Long before Miami Vice which had hip cop Don Johnson living on a boat with an alligator in Miami Beach, you had Frank Sinatra as private eye Tony Rome doing the same.
He's an ex-cop now a private eye who still has an inside with the police in the person of Richard Conte who's his former partner. Turns out he needs him when he takes the case of Sue Lyon who misplaced a diamond stickpin.
Before the film ends Sinatra has himself all involved with every member of Lyon's family including wives and ex-wives, husbands and ex-husbands in a lovely blackmail scheme. Quite a number of people wind up dead including Sinatra's private eye partner Robert J. Wilkie. In the tradition of Sam Spade, though he might not have thought Wilkie the salt of the earth, it's an obligation to find out who shortened Wilkie's life span.

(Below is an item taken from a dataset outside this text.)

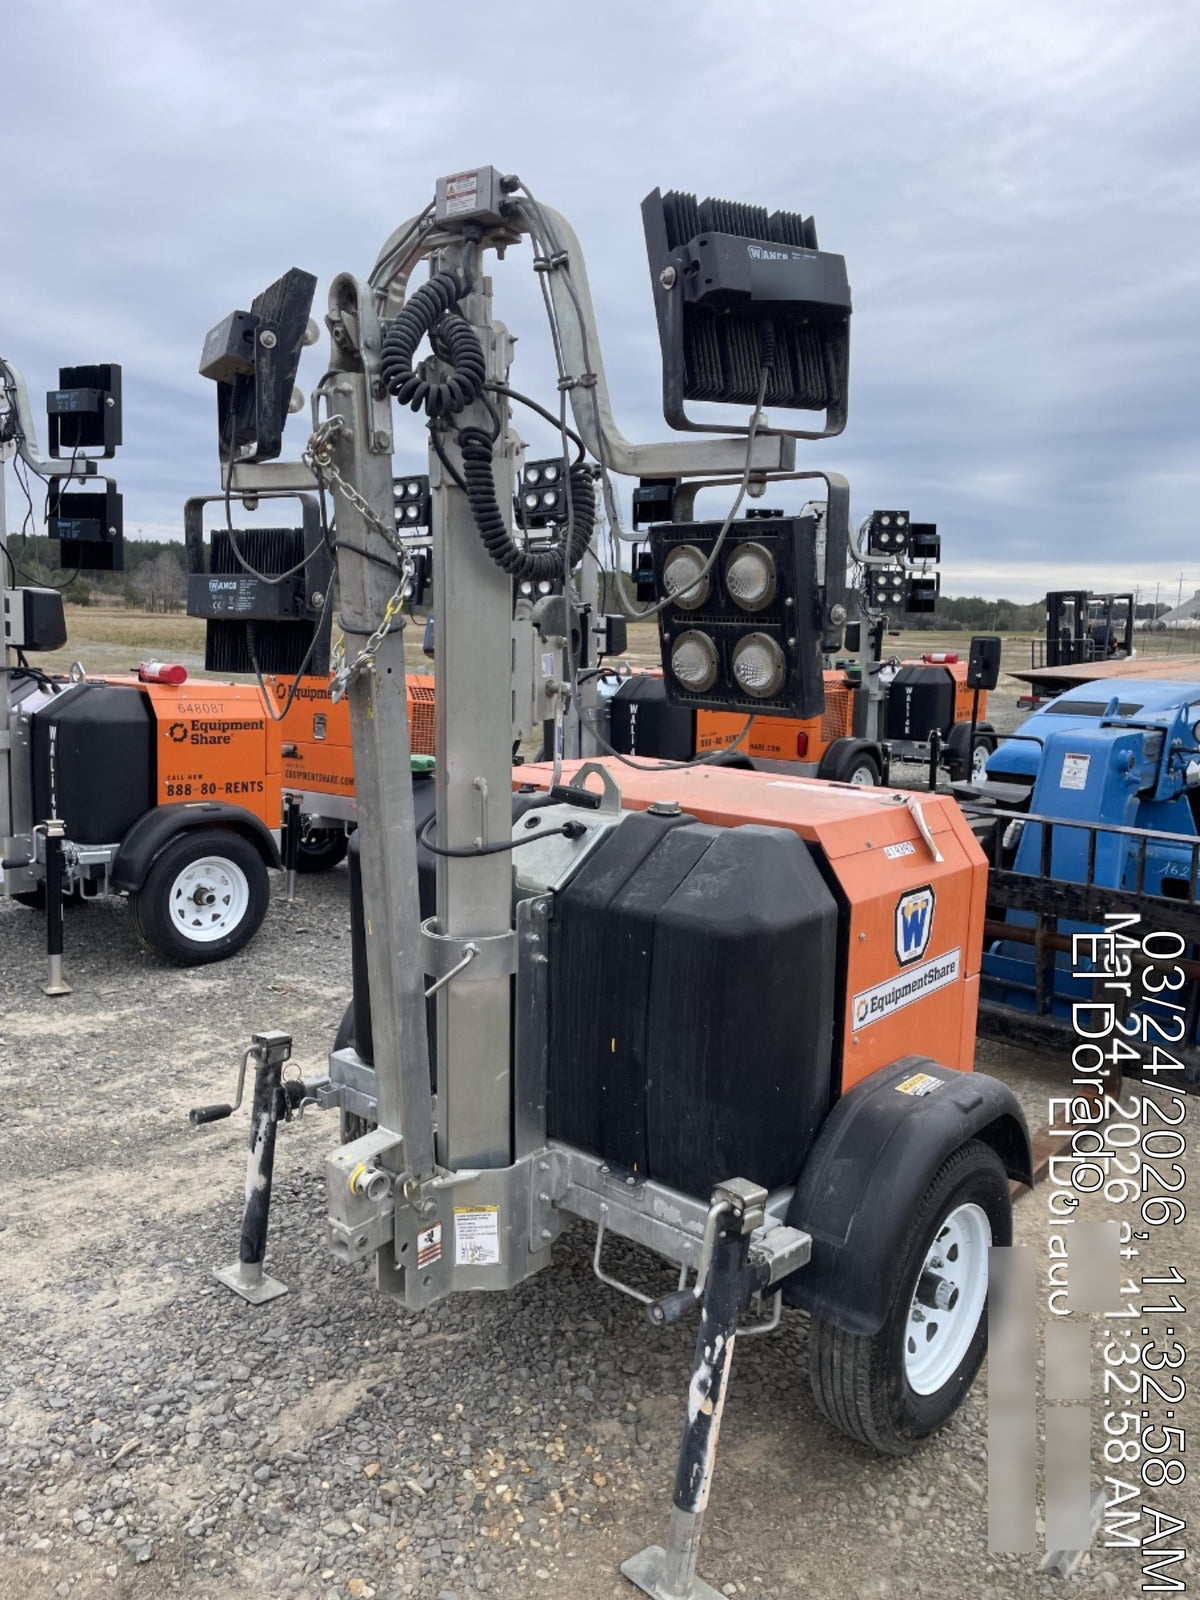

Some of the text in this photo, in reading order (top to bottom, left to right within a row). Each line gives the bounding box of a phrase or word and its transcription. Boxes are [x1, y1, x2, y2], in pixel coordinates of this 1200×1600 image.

Tony Rome is a Sinatra project through and through. Basically he just plays himself or at least shows the public persona that we know him for. Frank got parts in this for restaurant owner pallies, Mike Romanoff and Jilly Rizzo and one even for Rocky Graziano as a punch drunk old pug. There's even a part for Jill St. John as an amorous divorcée who you're never quite sure how she fits in the story. Jill and Frank were once a hot item, but this one was for old time sake.
The problem with Tony Rome is you really do have to be a Sinatra fan to watch it. And I don't mean just of his singing, you have to be really into the whole rat pack scene.
Otherwise Tony Rome and it's sequel Lady in Cement just ain't for you.